Lie 5: We know what data we need
In our survey, we asked about 10 internal and nine external data types. Internal sources include financial accounting applications, detailed sales and product data, CRM data, unstructured network data such as Office files and images, and unstructured data stored on end user devices. External sources include government statistics and other public records, geolocation data, data collected from sensors on company products and services, social network data (Facebook, Twitter), and unstructured data stored in the cloud (Office365, Google Docs).
Clearly, there's a lot of information out there. But when we asked who's driving data analysis ideas, we were surprised to find that only 5% of respondents have a centralized team to drive big data strategy; an additional 3% use a looser collaborative effort.
We're not the biggest fans of committees, but given the fact that the users of your data are likely spread far and wide, it makes sense to create a cross-functional group to identify new sources or elevate the importance of an existing stream. It's staggering to see some of the great data that's all but untouched.
Take CRM, phone, email, and Web analytics. These four data points cover most of the communications relationship with your clients. Tying them together isn't rocket science, especially if you have decent baseline customer data to start with. Not only can you determine the number of conversations your company typically has with customers, but you can also understand how email relates to phone calls and Web traffic. If you have an outside sales force looping in, your CRM data gives you a profiling capability to model everything from product rollouts to customer service problems.

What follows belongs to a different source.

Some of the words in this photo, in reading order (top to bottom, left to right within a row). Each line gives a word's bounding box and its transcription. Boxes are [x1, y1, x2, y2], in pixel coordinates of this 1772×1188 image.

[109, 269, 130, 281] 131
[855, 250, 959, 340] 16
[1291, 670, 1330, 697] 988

All that intelligence exists today, yet few companies have this level of analysis integrated into their big data strategies. While 35% of survey respondents say their IT organizations include CRM in their integrated plans, only 29% include email, 22% Web analytics, and 14% phone logs.
Lie 6: We do something with our analysis
There's nothing more frustrating for an analyst than to work for days or weeks on a project, present the findings, have a great meeting with execs, then watch those recommendations die on the vine. Everyone focuses on the positive aspects of data analysis--helping find new customers or discover more productive logistics routes. But the reality is that big data analysis will find some negative things--about your sales team's effectiveness, your online presence, your true costs of operations. The slow economy of the last four years has weakened multiple parts of most companies. Adding data sources and a more holistic analysis will help find and prioritize the problems you need to fix.
IT Truth Tellers
Want to raise IT's profile as a business enabler? Step in and assume responsibility for data quality across the company. Here's a quick check of items IT should review today:
1. Is there a centralized data quality team? If not, set one up ASAP.

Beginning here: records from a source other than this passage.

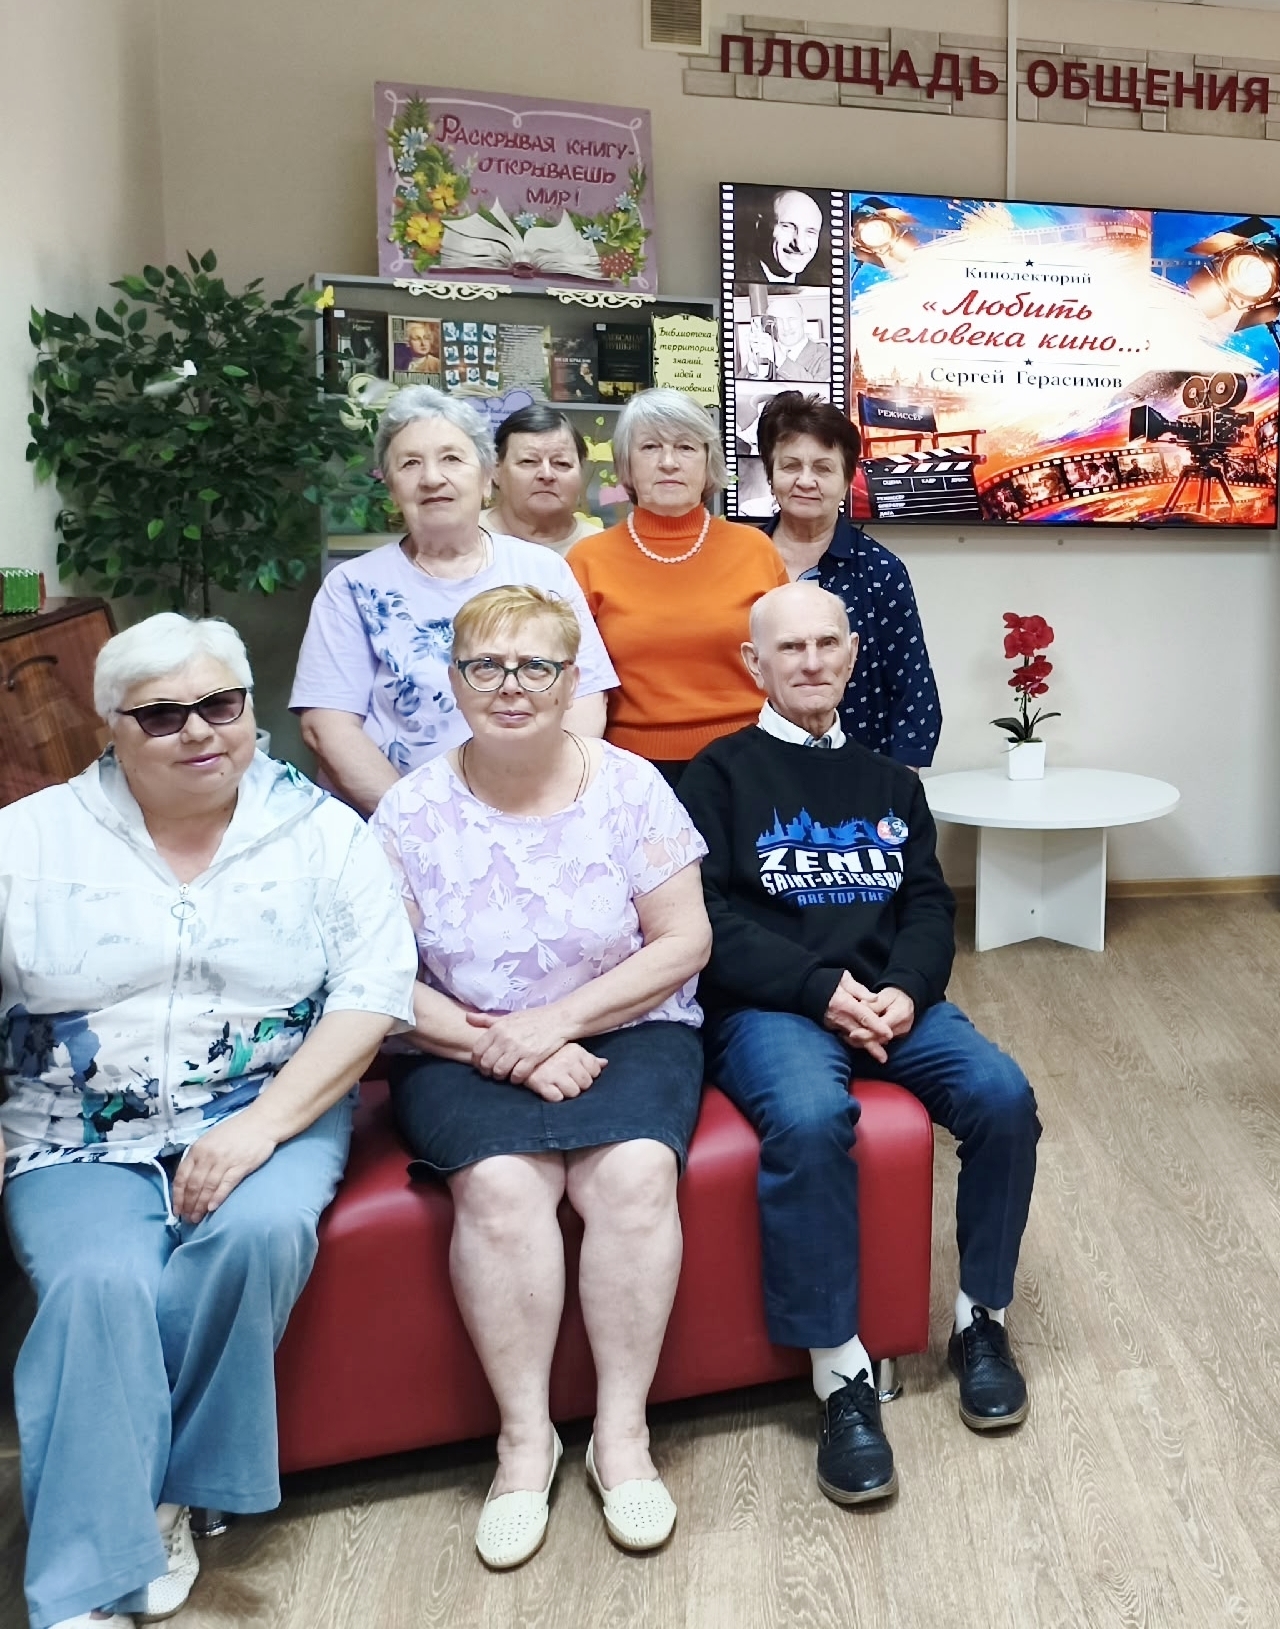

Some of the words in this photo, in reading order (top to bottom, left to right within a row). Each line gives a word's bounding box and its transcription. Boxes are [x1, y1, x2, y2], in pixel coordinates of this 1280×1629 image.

[720, 34, 999, 101] ПЛОЩАДЬ
[1027, 59, 1270, 114] ОБЩЕНИЯ
[478, 157, 616, 184] ОТКРЫВАЕШЬ
[964, 267, 1092, 286] Кинолекторий
[871, 323, 1025, 348] человека
[659, 344, 715, 353] территория
[674, 368, 694, 379] идей
[930, 367, 1005, 386] Сергей
[1016, 371, 1122, 389] Герасимов
[797, 894, 826, 907] ARE
[828, 892, 855, 904] TOP
[859, 891, 885, 902] THE

2. Does the team do regular or, at minimum, spot audits of various analyses? Does it regularly look to add new data sources?
3. Are critical external events annotated within your data warehouse or as part of your reporting process? For example, think about major system upgrades that would change the underlying data related to order flow.
4. Do you require statistical notes, including sampling statements?
5. When it comes to customer or vendor surveys, are sample sizes validated against your base customers or total market size to ensure accuracy?
6. Do you run regular "stress tests" for current data sets with cross-functional teams, challenging assumptions and sacred cows?
7. Do you look outward? Most respondents, 75%, report some public cloud use. Yet many companies aren't capturing associated data--think WebEx conferencing for customer behavior analysis or Google analytics for sales tracking.